After the birth, your baby will be examined by a paediatrician, your obstetrician or a midwife.
If your blood glucose levels have been stable during your pregnancy and the birth, and your baby has no problems, your baby will probably go with you to your hospital room.
If your baby is born very large, very small, prematurely or is having breathing problems or low blood glucose levels, they may need to be observed in a Special Care Nursery for a day or two.
Not all maternity hospitals are equipped with a high-level Special Care Nursery, so in some circumstances your baby may need to be transferred to another hospital.
Skin-to-skin contact between you and your baby will be encouraged at birth because it will help you to develop a close bond with your baby. It also allows your baby to suckle and will help to keep your baby’s temperature more stable. Ask your midwife about skin-to-skin contact if your baby is in the Special Care Nursery after the birth.

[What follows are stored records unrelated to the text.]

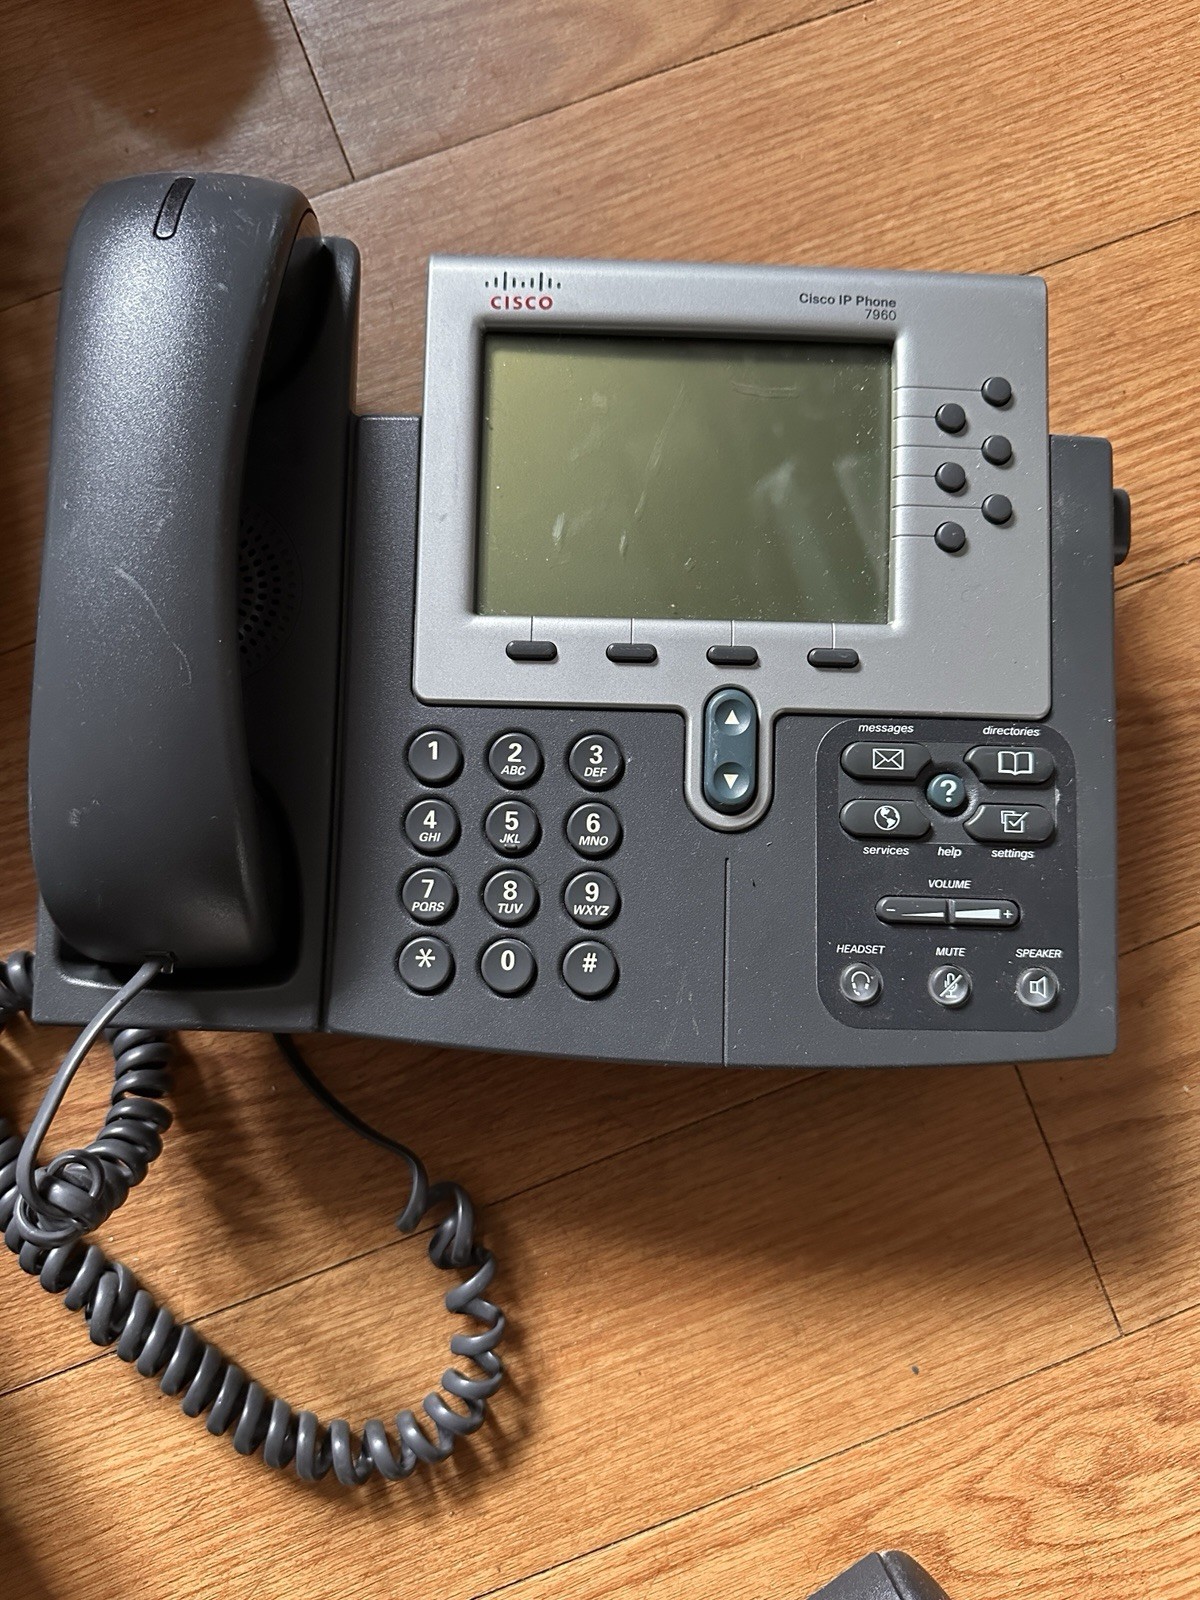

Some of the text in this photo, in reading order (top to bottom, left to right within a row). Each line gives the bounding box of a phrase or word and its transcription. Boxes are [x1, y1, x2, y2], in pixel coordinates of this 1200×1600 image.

[490, 296, 553, 310] CISCO
[799, 293, 897, 308] Cisco IP Phone
[865, 309, 897, 321] 7960
[858, 724, 914, 735] messages
[982, 725, 1041, 737] directories
[427, 741, 438, 760] 1
[507, 742, 522, 763] 2
[589, 744, 603, 765] 3
[500, 765, 527, 776] ABC
[583, 766, 608, 778] DEF
[940, 780, 957, 803] ?
[423, 810, 437, 829] 4
[504, 810, 519, 831] 5
[586, 813, 601, 834] 6
[418, 832, 442, 842] GHI
[499, 833, 521, 844] JKL
[578, 835, 609, 846] MNO
[862, 846, 910, 856] services
[937, 846, 962, 858] help
[990, 848, 1035, 860] settings
[421, 879, 435, 899] 7
[502, 880, 518, 901] 8
[928, 879, 972, 890] VOLUME
[584, 882, 600, 903] 9
[411, 901, 445, 913] PQRS
[497, 903, 524, 914] TUV
[573, 904, 610, 916] WXYZ
[836, 944, 886, 955] HEADSET
[935, 947, 966, 957] MUTE
[1015, 948, 1063, 959] SPEAKER
[500, 950, 515, 971] 0
[582, 952, 598, 973] #

Your baby’s blood glucose level
Your baby will be tested for low blood glucose levels for at least the first 24 hours after birth. Blood glucose tests are done by heel prick at regular intervals until the baby’s blood glucose levels are in the normal range. This test is to check for low blood glucose levels, it is not a check to see if the baby has diabetes and does not mean that your baby will develop diabetes in the future.
If your baby’s blood glucose level is low (less than 2.0 - 2.5 mmol/L), your baby may need to have supplementary feeds or some glucose. Talk to your midwife about using your breast milk for supplementary feeding.